Code Camp Days were split 2-1-1 between programming skills, computational thinking, and free-choice work. Around half of the time was spent working on programming challenges (such as the regular polygon one mentioned above) that were chosen to highlight different aspects of programming: logic, loops, input-output, functional composition, and graphics. While varying the content from day to day, we also varied the context: on one day teachers wrote scripts for spreadsheets in Google Apps Scripts, and on another they created interactive web applications on codepen.io, a great site for hosting work-in-progress webapps. In this way, teachers were exposed to both a number of programming skills and a lot of different places where programs could be run to accomplish something.
We also spent about a quarter of each day on computational thinking work. The material at CS Unplugged is a great resource to start exploring computational thinking. We worked through some of activities from CS Unplugged and elsewhere, and we talked about how computational thinking could be incorporated into content classes.

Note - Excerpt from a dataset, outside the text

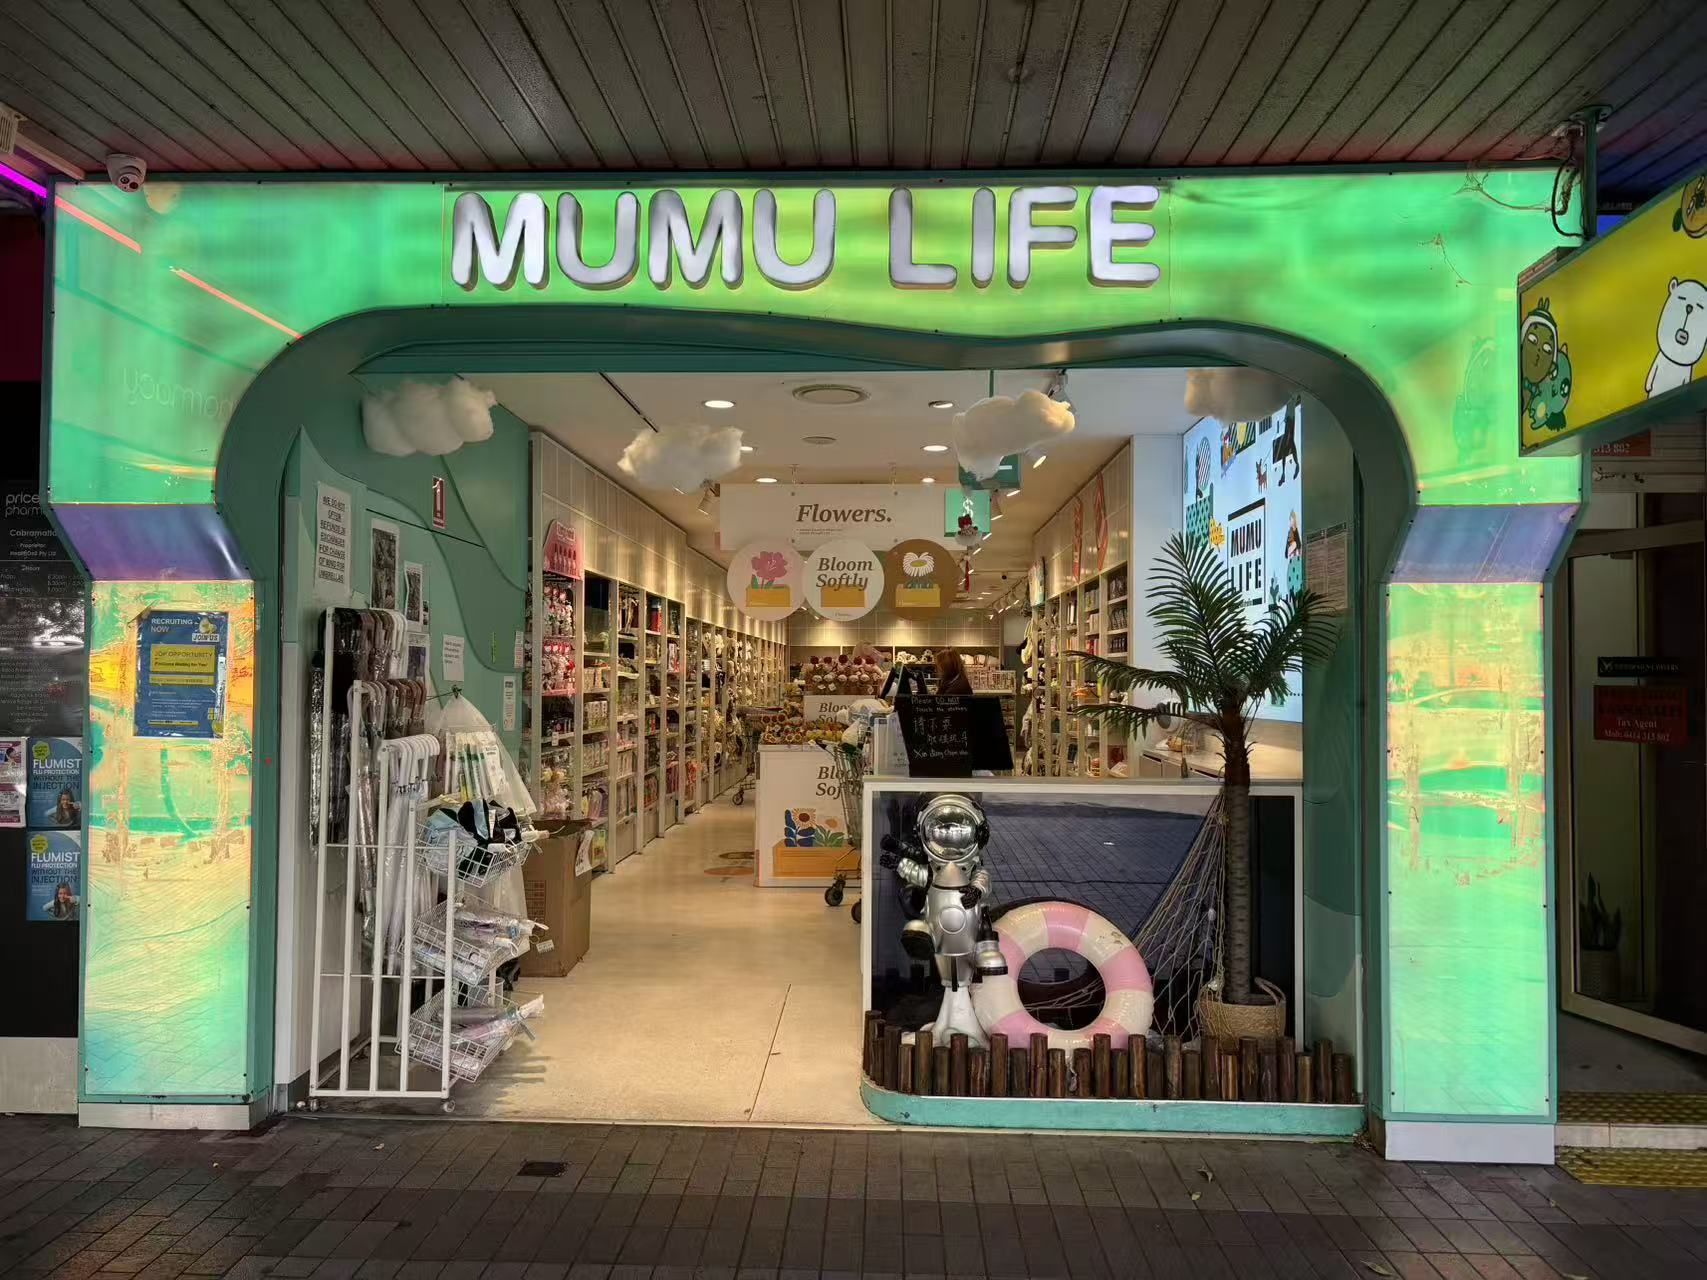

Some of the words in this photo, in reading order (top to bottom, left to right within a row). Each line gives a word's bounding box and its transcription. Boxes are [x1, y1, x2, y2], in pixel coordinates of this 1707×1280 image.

Finally, we spent the last quarter of each day in a free-choice session. Some (most) participants returned to the challenges from earlier in the day, digging more deeply and turning their work into something that is useful to them either in their classroom or in their everyday life (or just following through on an intellectual challenge they felt). Others worked on larger-scale programming projects (a popular one is a tool that will generate randomly-assigned small groups given a class list and constraints about which students cannot be paired with each other), and some worked on expanding their ideas about adding computational thinking to their teaching.
Overall, these general guidelines worked quite well to create a coherent and cohesive Code Camp. We had small groups of teachers working on projects (programming and computational thinking) at varying levels of difficulty.
The outcomes from Code Camp, especially on how well our teachers took up notions of computational thinking and using programming to teach content, will be discussed in a forthcoming post.
References
White, B., & Frederiksen, J. (1998). “Inquiry, modeling, and metacognition: Making science accessible to all students.” Cognition and Instruction, 16(1), 3-118.